### Available data
# # # # #
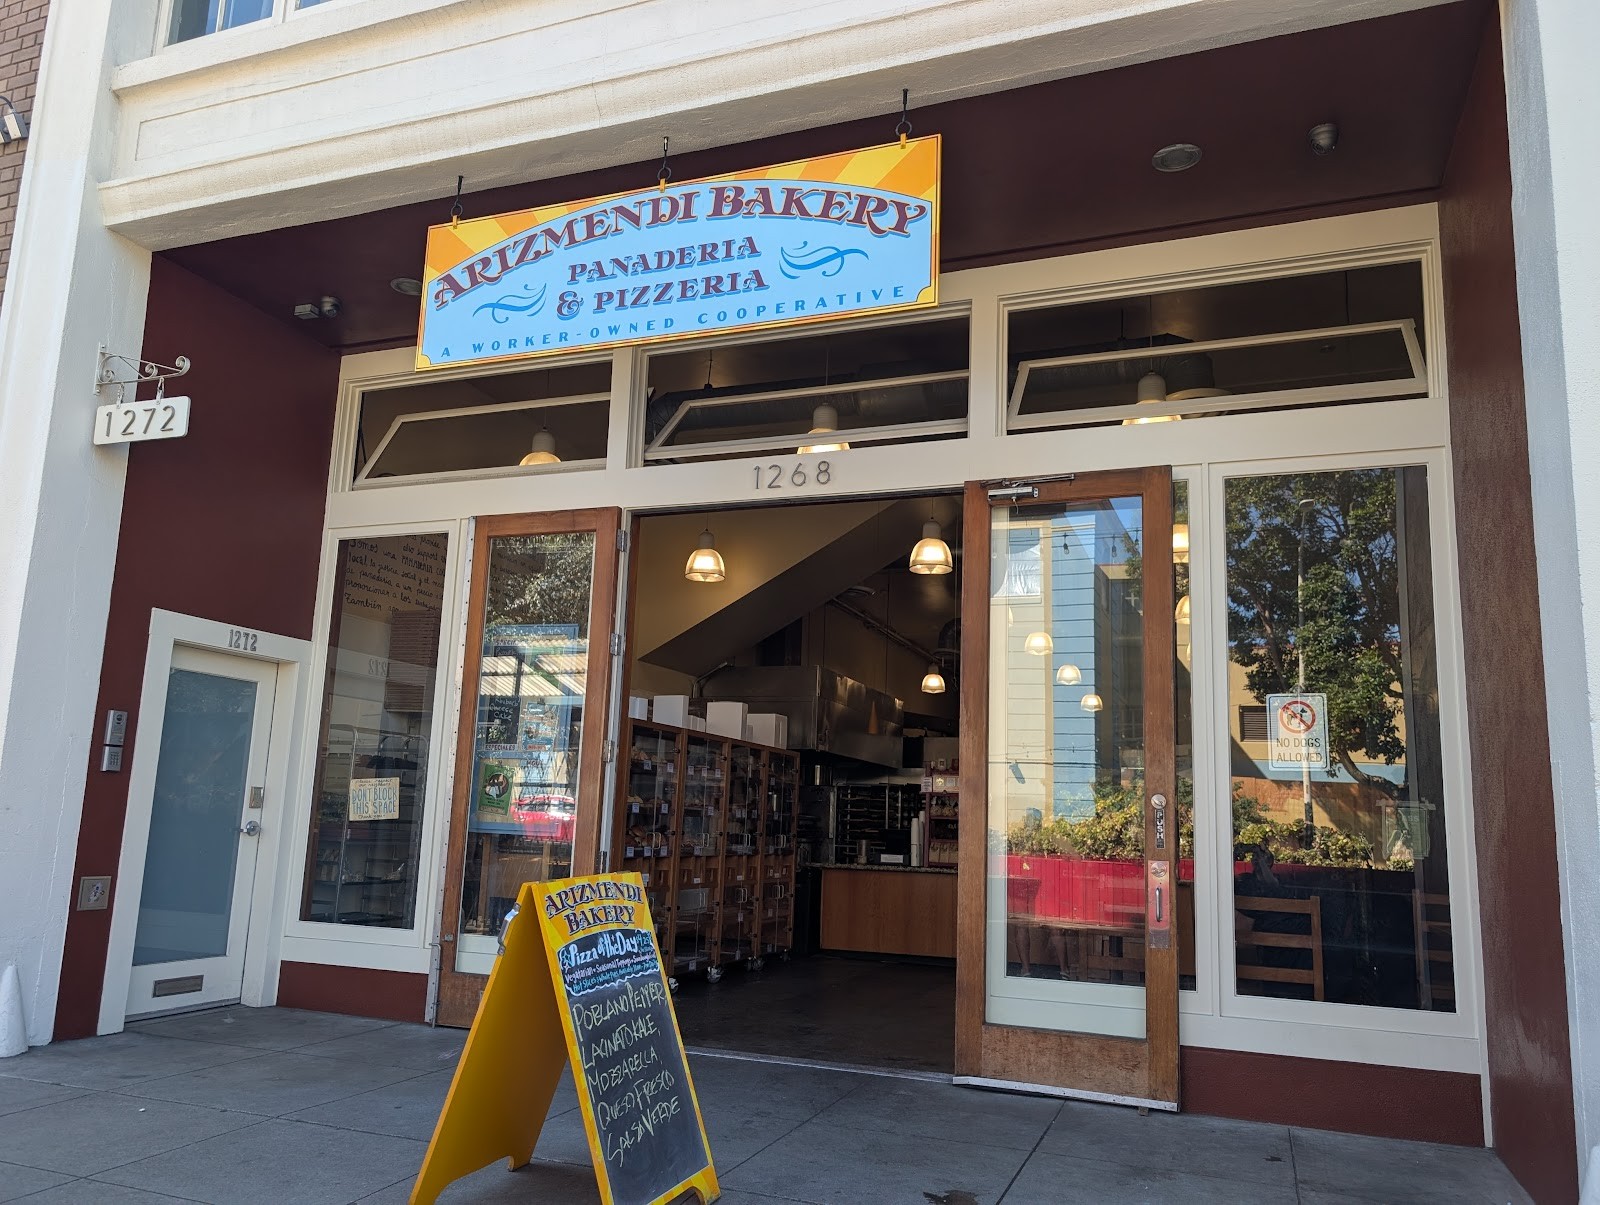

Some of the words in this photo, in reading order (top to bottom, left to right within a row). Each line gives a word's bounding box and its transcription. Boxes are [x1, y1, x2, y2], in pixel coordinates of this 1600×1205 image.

[433, 192, 699, 311] ARIZMENDI
[706, 185, 927, 238] BAKERY
[568, 236, 762, 286] PANADERIA
[556, 290, 582, 319] &
[593, 269, 771, 314] PIZZERIA
[440, 347, 451, 358] A
[472, 317, 675, 354] WORKER-OWNED
[697, 285, 905, 325] COOPERATIVE
[106, 405, 176, 437] 1272
[754, 460, 831, 489] 1268
[228, 629, 258, 651] 1272
[1276, 738, 1290, 748] NO
[1293, 737, 1321, 748] DOGS
[1276, 752, 1323, 763] ALLOWED
[352, 801, 369, 814] THIS
[372, 800, 396, 814] SPACE
[373, 786, 397, 802] BLOCK
[1156, 811, 1164, 839] PUSH
[545, 881, 644, 919] ARIZMENDI
[564, 905, 635, 935] BAKERY
[568, 943, 599, 967] Pizza
[616, 931, 638, 955] Day
[572, 994, 629, 1042] POBLANO
[582, 1023, 634, 1070] LACINATO
[598, 1092, 636, 1130] QUESO
[633, 1069, 675, 1110] FRESCO
[642, 1096, 681, 1137] VERDE
# # # # #
### Exercise goal
From the first line to the last, please copy the data exactly, with the pictures left out.

### Written response
Some of the words in this photo, in reading order (top to bottom, left to right within a row). Each line gives a word's bounding box and its transcription. Boxes are [x1, y1, x2, y2], in pixel coordinates of this 1600×1205 image.

[433, 192, 699, 311] ARIZMENDI
[706, 185, 927, 238] BAKERY
[568, 236, 762, 286] PANADERIA
[556, 290, 582, 319] &
[593, 269, 771, 314] PIZZERIA
[440, 347, 451, 358] A
[472, 317, 675, 354] WORKER-OWNED
[697, 285, 905, 325] COOPERATIVE
[106, 405, 176, 437] 1272
[754, 460, 831, 489] 1268
[228, 629, 258, 651] 1272
[1276, 738, 1290, 748] NO
[1293, 737, 1321, 748] DOGS
[1276, 752, 1323, 763] ALLOWED
[352, 801, 369, 814] THIS
[372, 800, 396, 814] SPACE
[373, 786, 397, 802] BLOCK
[1156, 811, 1164, 839] PUSH
[545, 881, 644, 919] ARIZMENDI
[564, 905, 635, 935] BAKERY
[568, 943, 599, 967] Pizza
[616, 931, 638, 955] Day
[572, 994, 629, 1042] POBLANO
[582, 1023, 634, 1070] LACINATO
[598, 1092, 636, 1130] QUESO
[633, 1069, 675, 1110] FRESCO
[642, 1096, 681, 1137] VERDE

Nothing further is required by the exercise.